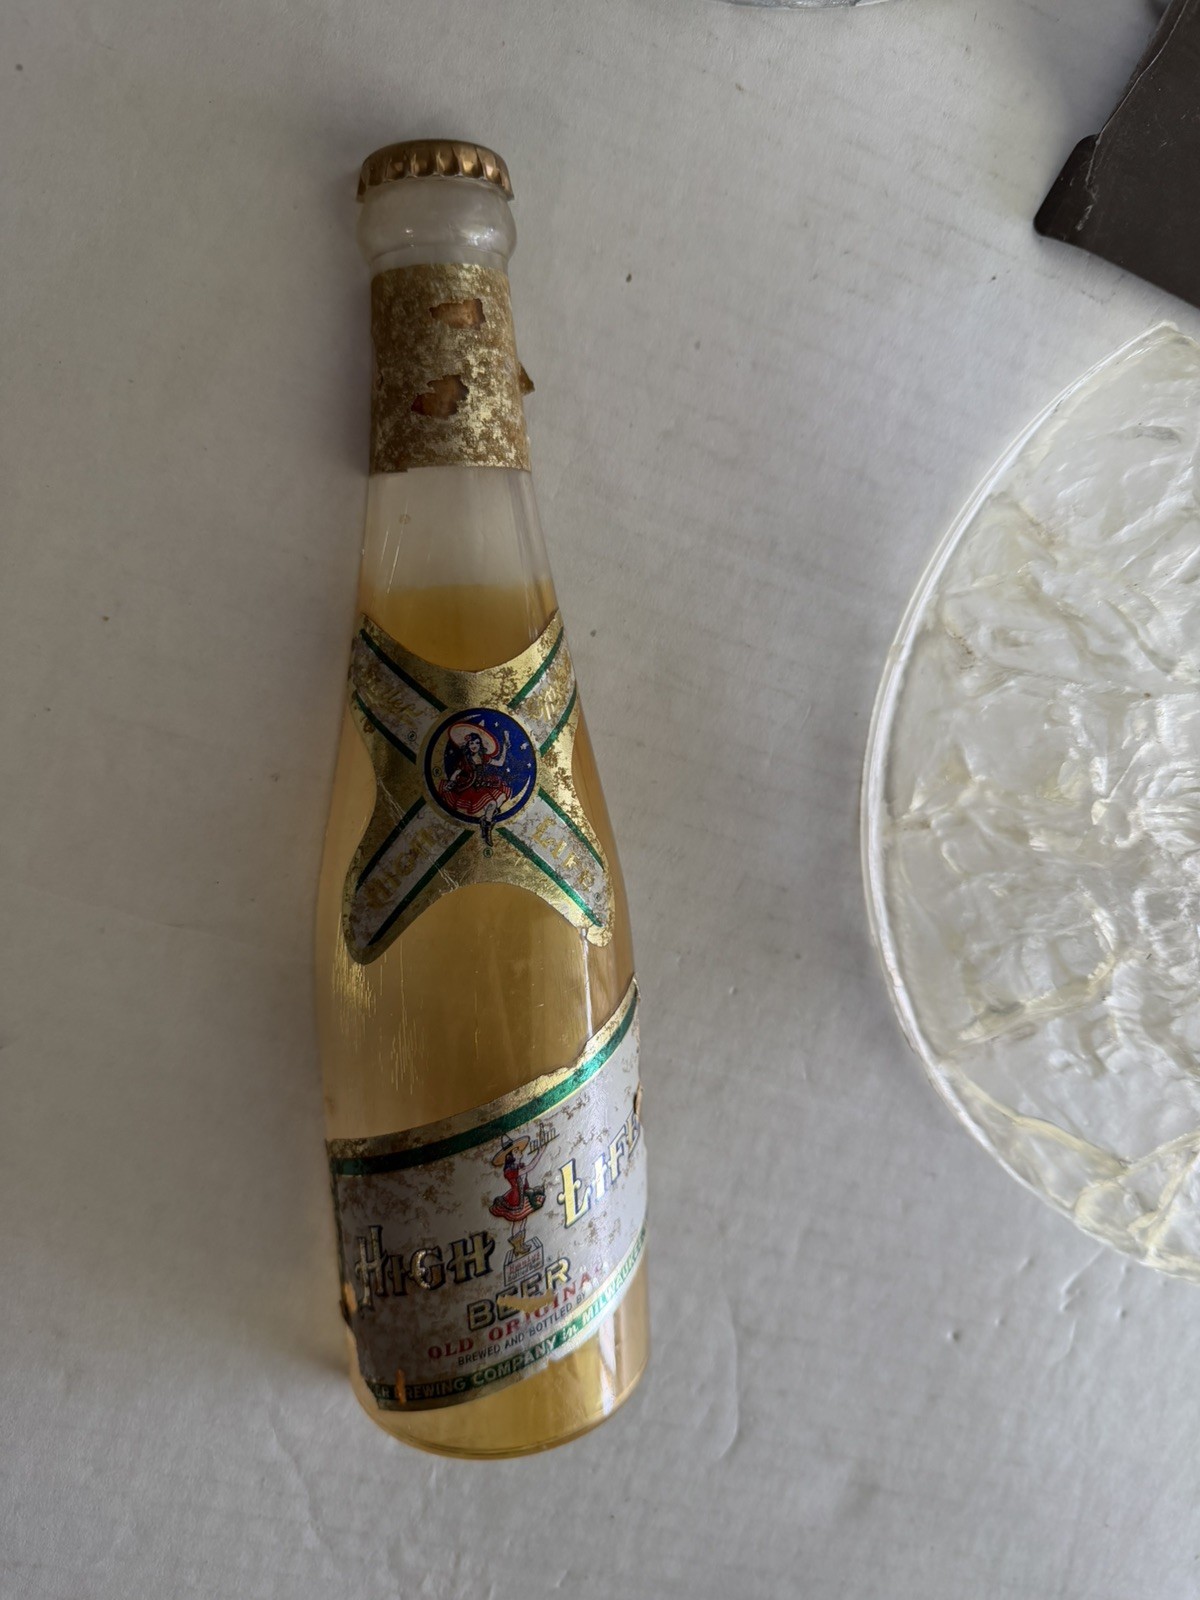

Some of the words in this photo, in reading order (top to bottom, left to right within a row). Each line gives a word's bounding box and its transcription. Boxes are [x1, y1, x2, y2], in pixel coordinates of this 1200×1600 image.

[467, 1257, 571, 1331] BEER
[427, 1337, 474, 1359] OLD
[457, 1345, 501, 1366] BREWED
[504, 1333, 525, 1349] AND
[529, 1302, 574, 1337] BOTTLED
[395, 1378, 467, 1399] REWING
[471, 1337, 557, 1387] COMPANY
- - -
_Exercise requirements_. Output the whole of the data, unchanged; keep the pictures out.

_Result for this exercise_.
Some of the words in this photo, in reading order (top to bottom, left to right within a row). Each line gives a word's bounding box and its transcription. Boxes are [x1, y1, x2, y2], in pixel coordinates of this 1200×1600 image.

[467, 1257, 571, 1331] BEER
[427, 1337, 474, 1359] OLD
[457, 1345, 501, 1366] BREWED
[504, 1333, 525, 1349] AND
[529, 1302, 574, 1337] BOTTLED
[395, 1378, 467, 1399] REWING
[471, 1337, 557, 1387] COMPANY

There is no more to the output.